Work instruction: Could you please transcribe the data exactly, without the pictures?

Data shown:
= Beginning of Section =

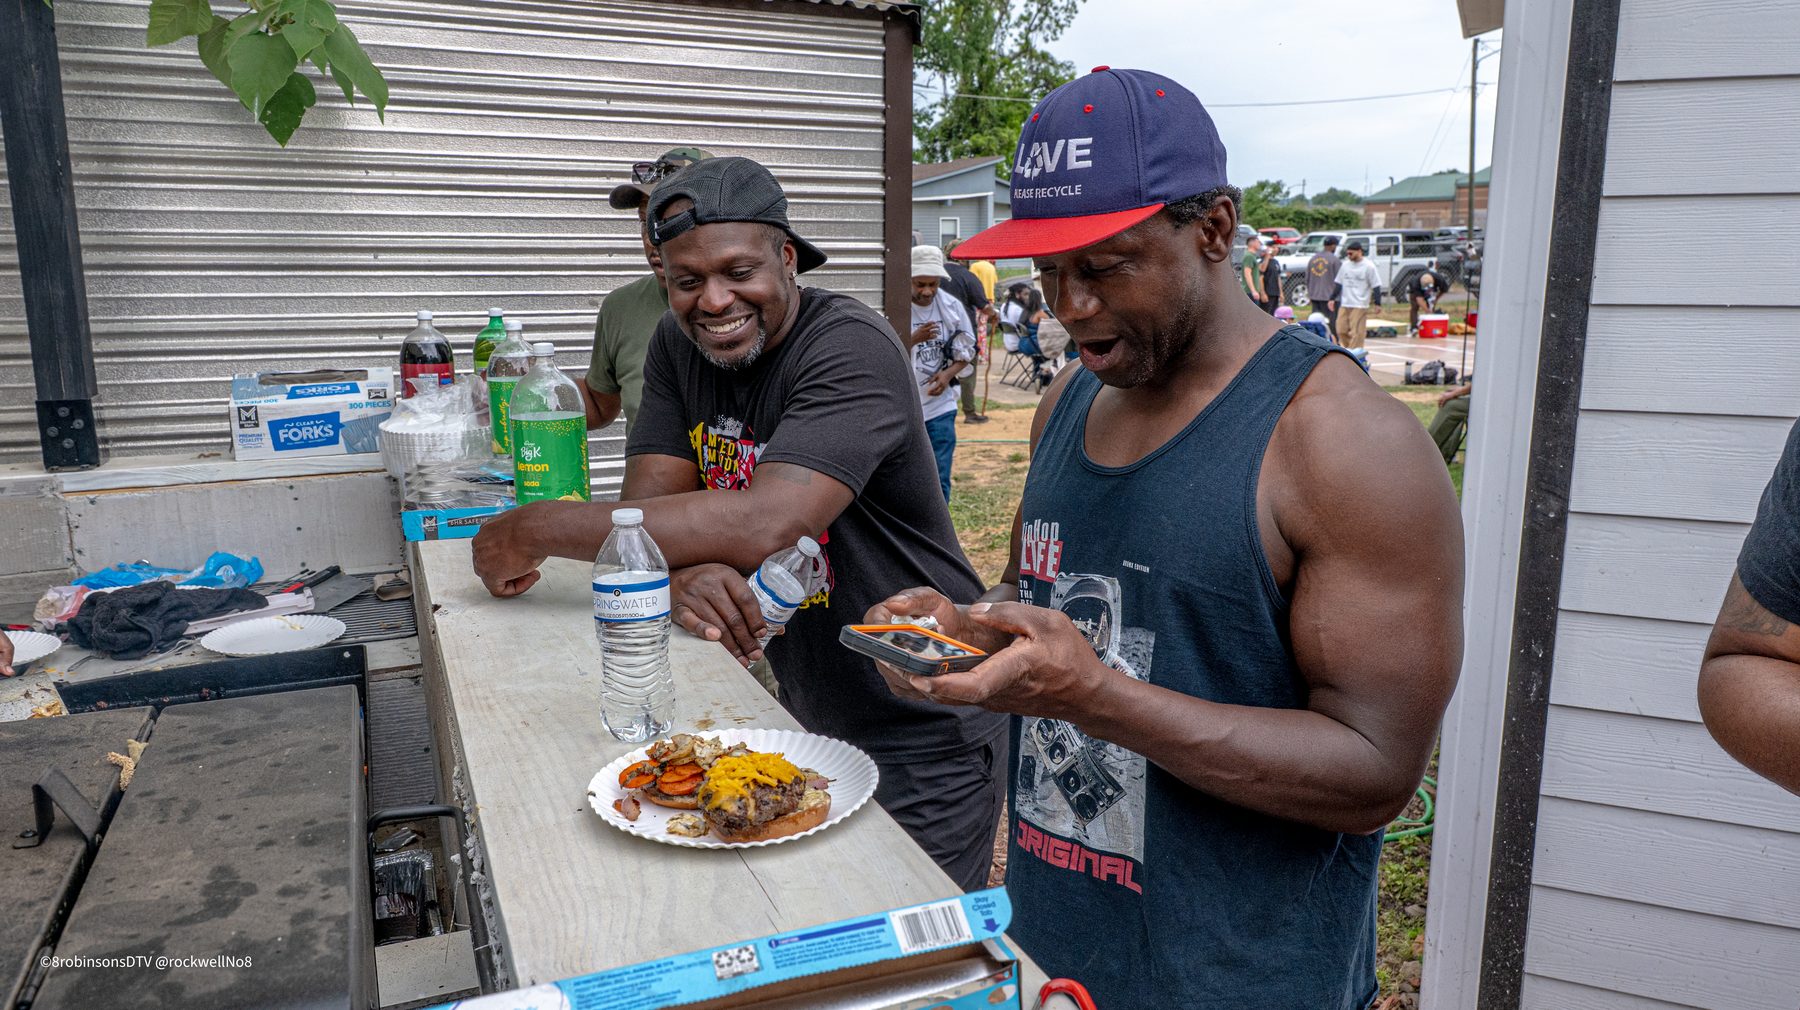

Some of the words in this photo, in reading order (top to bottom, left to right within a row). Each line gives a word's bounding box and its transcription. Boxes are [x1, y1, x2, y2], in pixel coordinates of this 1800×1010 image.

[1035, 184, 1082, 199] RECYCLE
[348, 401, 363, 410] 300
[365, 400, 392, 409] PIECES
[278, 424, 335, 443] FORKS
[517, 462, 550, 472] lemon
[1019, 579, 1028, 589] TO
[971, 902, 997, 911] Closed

= End of Section =

Solution to the exercise:
Some of the words in this photo, in reading order (top to bottom, left to right within a row). Each line gives a word's bounding box and its transcription. Boxes are [x1, y1, x2, y2], in pixel coordinates of this 1800×1010 image.

[1035, 184, 1082, 199] RECYCLE
[348, 401, 363, 410] 300
[365, 400, 392, 409] PIECES
[278, 424, 335, 443] FORKS
[517, 462, 550, 472] lemon
[1019, 579, 1028, 589] TO
[971, 902, 997, 911] Closed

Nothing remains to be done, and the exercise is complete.